Take the entries below and return them unchanged.

** Data section follows **

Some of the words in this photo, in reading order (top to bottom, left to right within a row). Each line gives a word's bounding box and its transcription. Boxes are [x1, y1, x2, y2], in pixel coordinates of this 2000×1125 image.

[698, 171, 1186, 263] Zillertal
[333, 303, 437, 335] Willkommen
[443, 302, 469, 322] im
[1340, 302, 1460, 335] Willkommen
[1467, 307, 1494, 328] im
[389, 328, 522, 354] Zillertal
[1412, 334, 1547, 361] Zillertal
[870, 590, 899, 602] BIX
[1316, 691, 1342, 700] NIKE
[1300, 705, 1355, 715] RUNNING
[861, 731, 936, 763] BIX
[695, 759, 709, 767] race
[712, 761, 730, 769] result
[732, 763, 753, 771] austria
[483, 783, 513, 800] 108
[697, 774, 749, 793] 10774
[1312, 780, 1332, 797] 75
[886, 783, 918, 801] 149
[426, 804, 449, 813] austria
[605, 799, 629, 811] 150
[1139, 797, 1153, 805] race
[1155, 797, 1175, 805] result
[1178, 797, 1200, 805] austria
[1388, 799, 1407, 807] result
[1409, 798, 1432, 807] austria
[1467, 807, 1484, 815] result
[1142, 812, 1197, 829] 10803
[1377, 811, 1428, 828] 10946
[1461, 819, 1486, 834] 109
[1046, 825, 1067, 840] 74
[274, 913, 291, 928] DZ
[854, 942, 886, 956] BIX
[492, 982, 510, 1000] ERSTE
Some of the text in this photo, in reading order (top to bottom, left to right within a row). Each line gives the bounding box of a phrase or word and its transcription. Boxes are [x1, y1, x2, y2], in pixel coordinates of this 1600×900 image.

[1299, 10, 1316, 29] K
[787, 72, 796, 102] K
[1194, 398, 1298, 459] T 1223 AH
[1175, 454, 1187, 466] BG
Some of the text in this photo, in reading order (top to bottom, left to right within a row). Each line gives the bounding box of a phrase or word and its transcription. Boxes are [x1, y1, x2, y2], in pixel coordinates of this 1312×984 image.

** End of Data section **

> **Response box**:
Some of the words in this photo, in reading order (top to bottom, left to right within a row). Each line gives a word's bounding box and its transcription. Boxes are [x1, y1, x2, y2], in pixel coordinates of this 2000×1125 image.

[698, 171, 1186, 263] Zillertal
[333, 303, 437, 335] Willkommen
[443, 302, 469, 322] im
[1340, 302, 1460, 335] Willkommen
[1467, 307, 1494, 328] im
[389, 328, 522, 354] Zillertal
[1412, 334, 1547, 361] Zillertal
[870, 590, 899, 602] BIX
[1316, 691, 1342, 700] NIKE
[1300, 705, 1355, 715] RUNNING
[861, 731, 936, 763] BIX
[695, 759, 709, 767] race
[712, 761, 730, 769] result
[732, 763, 753, 771] austria
[483, 783, 513, 800] 108
[697, 774, 749, 793] 10774
[1312, 780, 1332, 797] 75
[886, 783, 918, 801] 149
[426, 804, 449, 813] austria
[605, 799, 629, 811] 150
[1139, 797, 1153, 805] race
[1155, 797, 1175, 805] result
[1178, 797, 1200, 805] austria
[1388, 799, 1407, 807] result
[1409, 798, 1432, 807] austria
[1467, 807, 1484, 815] result
[1142, 812, 1197, 829] 10803
[1377, 811, 1428, 828] 10946
[1461, 819, 1486, 834] 109
[1046, 825, 1067, 840] 74
[274, 913, 291, 928] DZ
[854, 942, 886, 956] BIX
[492, 982, 510, 1000] ERSTE
Some of the text in this photo, in reading order (top to bottom, left to right within a row). Each line gives the bounding box of a phrase or word and its transcription. Boxes are [x1, y1, x2, y2], in pixel coordinates of this 1600×900 image.

[1299, 10, 1316, 29] K
[787, 72, 796, 102] K
[1194, 398, 1298, 459] T 1223 AH
[1175, 454, 1187, 466] BG
Some of the text in this photo, in reading order (top to bottom, left to right within a row). Each line gives the bounding box of a phrase or word and its transcription. Boxes are [x1, y1, x2, y2], in pixel coordinates of this 1312×984 image.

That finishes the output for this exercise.